[Referring expression grounding data]

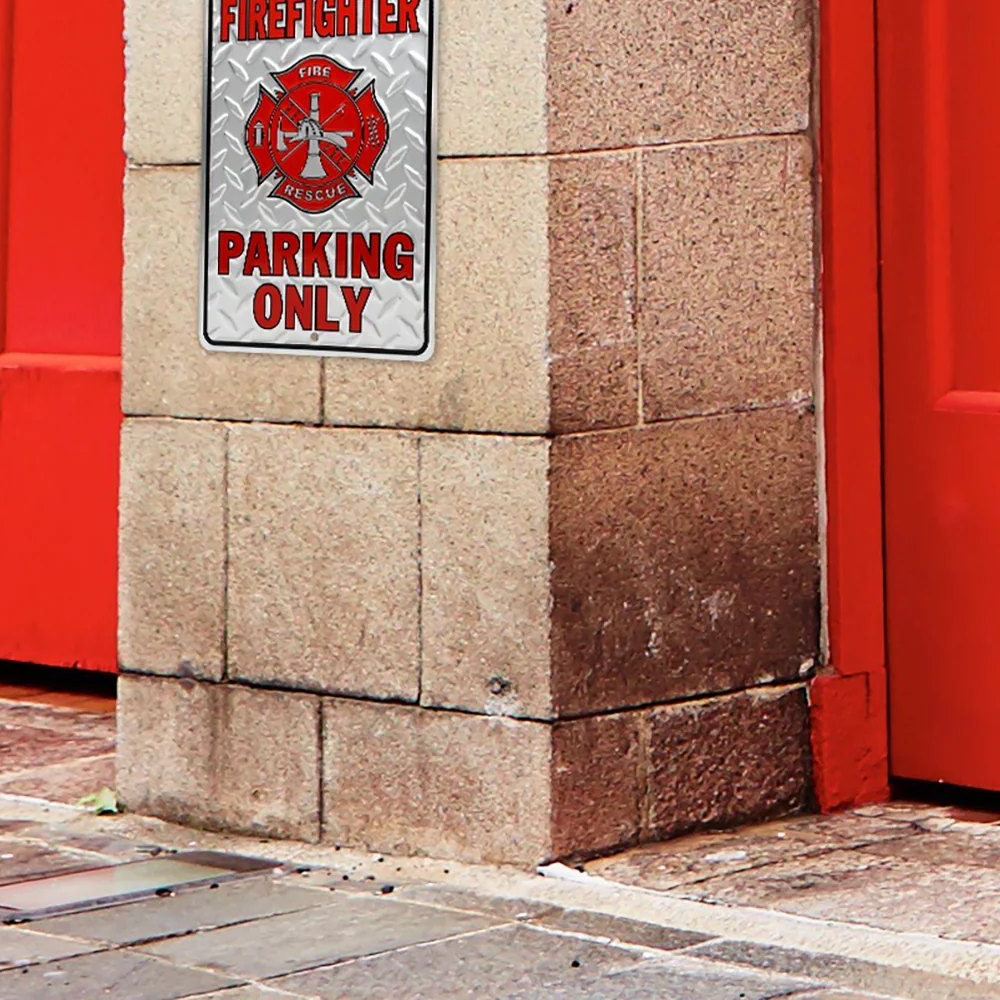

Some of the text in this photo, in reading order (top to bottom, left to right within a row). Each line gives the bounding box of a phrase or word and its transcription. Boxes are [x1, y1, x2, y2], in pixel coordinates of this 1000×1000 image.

[298, 66, 332, 79] FIRE
[284, 184, 348, 202] RESCUE
[218, 231, 415, 281] PARKING
[253, 283, 373, 333] ONLY
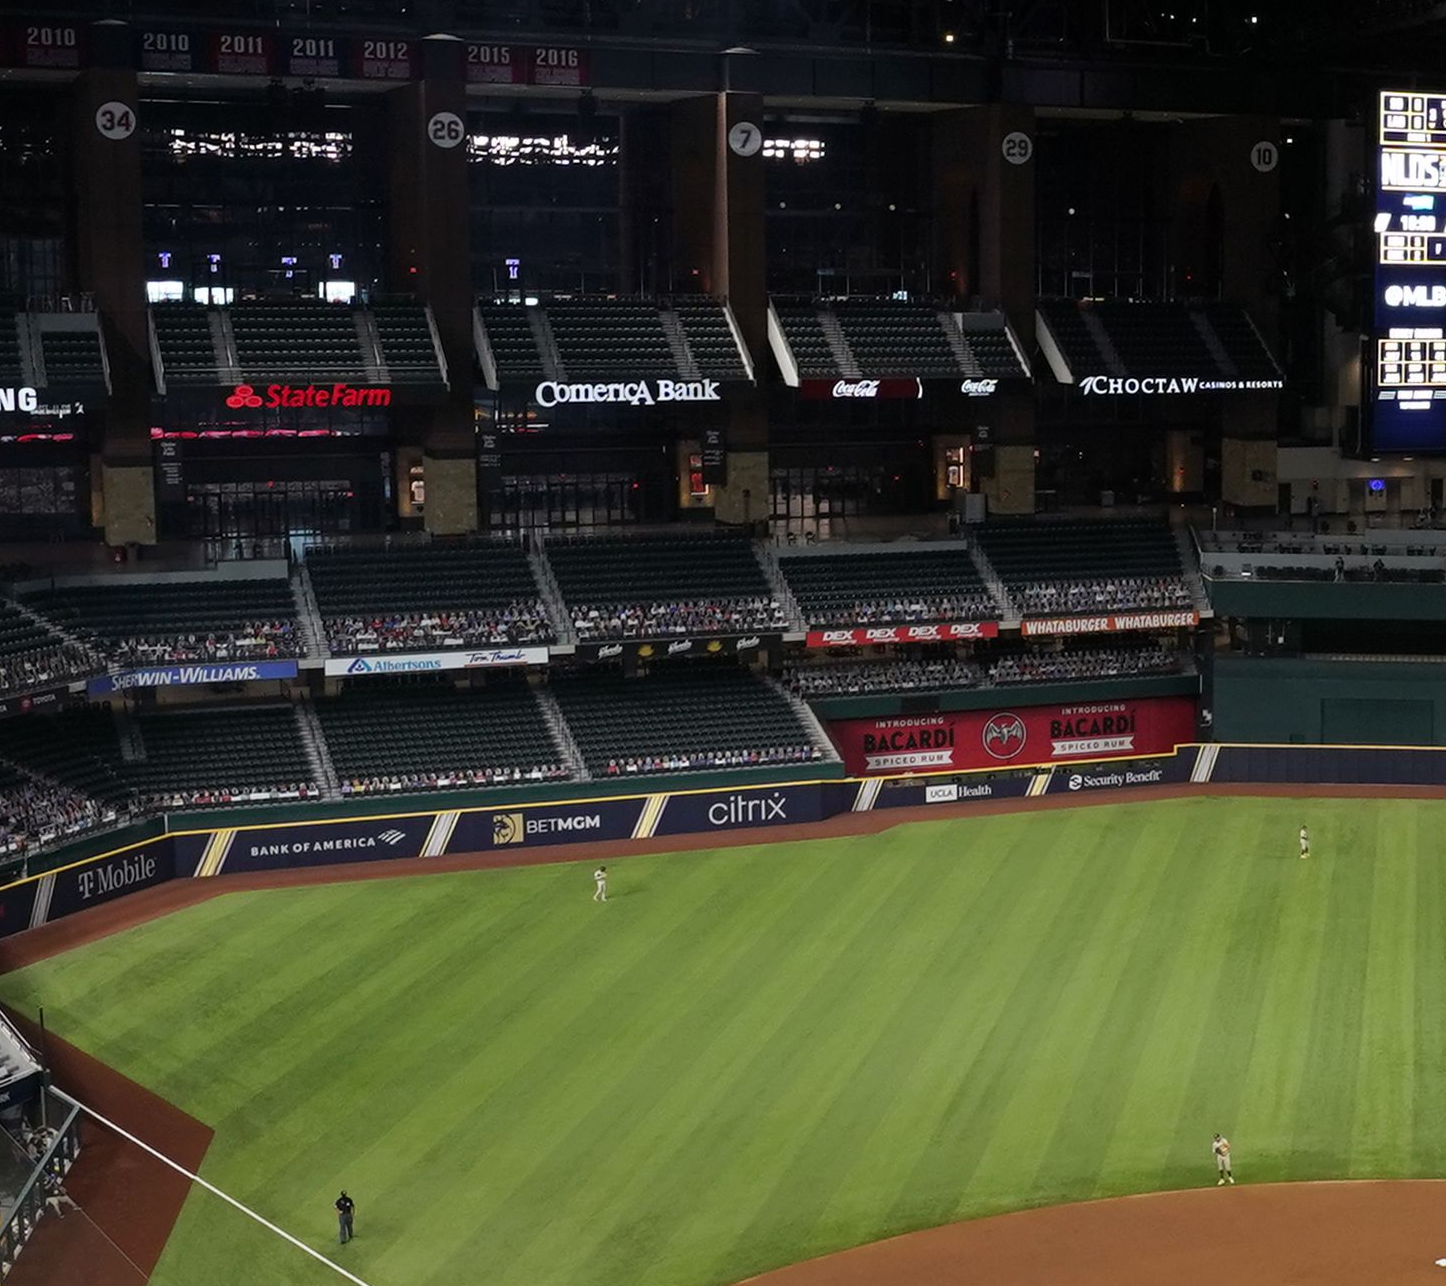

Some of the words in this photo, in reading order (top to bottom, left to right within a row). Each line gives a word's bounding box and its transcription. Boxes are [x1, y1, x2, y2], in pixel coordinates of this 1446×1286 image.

[27, 27, 76, 47] 2010
[143, 33, 189, 52] 2010
[220, 35, 263, 54] 2011
[293, 38, 334, 57] 2011
[364, 42, 407, 60] 2012
[468, 47, 510, 65] 2015
[536, 49, 578, 67] 2016
[101, 111, 131, 131] 34
[432, 120, 459, 140] 26
[738, 130, 752, 150] 7
[1006, 138, 1029, 158] 29
[1255, 146, 1274, 167] 10
[656, 379, 721, 402] Bank
[1092, 375, 1199, 395] CHOCTAW
[1246, 380, 1283, 389] RESORTS
[1026, 617, 1109, 635] WHATABURGER
[1114, 612, 1195, 632] WHATABURGER
[374, 658, 442, 672] Albertsons
[465, 652, 488, 663] Tom
[488, 648, 526, 661] Thumb
[33, 694, 56, 705] TOYOTA
[1061, 704, 1126, 716] INTRODUCING
[875, 717, 945, 729] INTRODUCING
[1061, 742, 1100, 753] SPICED
[1104, 739, 1126, 751] RUM
[875, 755, 915, 767] SPICED
[919, 753, 945, 764] RUM
[1082, 773, 1123, 789] Security
[1125, 769, 1162, 784] Benefit
[931, 789, 953, 800] UCLA
[958, 784, 992, 798] Health
[708, 792, 786, 825] citrix
[526, 815, 600, 834] BETMGM
[251, 844, 290, 857] BANK
[293, 842, 310, 854] OF
[312, 837, 376, 853] AMERICA

_Task details_. Lines from the one containing "Some of the words" through the end of the data above must be written out exactly, and no other lines are needed.

_Your solution_.
Some of the words in this photo, in reading order (top to bottom, left to right within a row). Each line gives a word's bounding box and its transcription. Boxes are [x1, y1, x2, y2], in pixel coordinates of this 1446×1286 image.

[27, 27, 76, 47] 2010
[143, 33, 189, 52] 2010
[220, 35, 263, 54] 2011
[293, 38, 334, 57] 2011
[364, 42, 407, 60] 2012
[468, 47, 510, 65] 2015
[536, 49, 578, 67] 2016
[101, 111, 131, 131] 34
[432, 120, 459, 140] 26
[738, 130, 752, 150] 7
[1006, 138, 1029, 158] 29
[1255, 146, 1274, 167] 10
[656, 379, 721, 402] Bank
[1092, 375, 1199, 395] CHOCTAW
[1246, 380, 1283, 389] RESORTS
[1026, 617, 1109, 635] WHATABURGER
[1114, 612, 1195, 632] WHATABURGER
[374, 658, 442, 672] Albertsons
[465, 652, 488, 663] Tom
[488, 648, 526, 661] Thumb
[33, 694, 56, 705] TOYOTA
[1061, 704, 1126, 716] INTRODUCING
[875, 717, 945, 729] INTRODUCING
[1061, 742, 1100, 753] SPICED
[1104, 739, 1126, 751] RUM
[875, 755, 915, 767] SPICED
[919, 753, 945, 764] RUM
[1082, 773, 1123, 789] Security
[1125, 769, 1162, 784] Benefit
[931, 789, 953, 800] UCLA
[958, 784, 992, 798] Health
[708, 792, 786, 825] citrix
[526, 815, 600, 834] BETMGM
[251, 844, 290, 857] BANK
[293, 842, 310, 854] OF
[312, 837, 376, 853] AMERICA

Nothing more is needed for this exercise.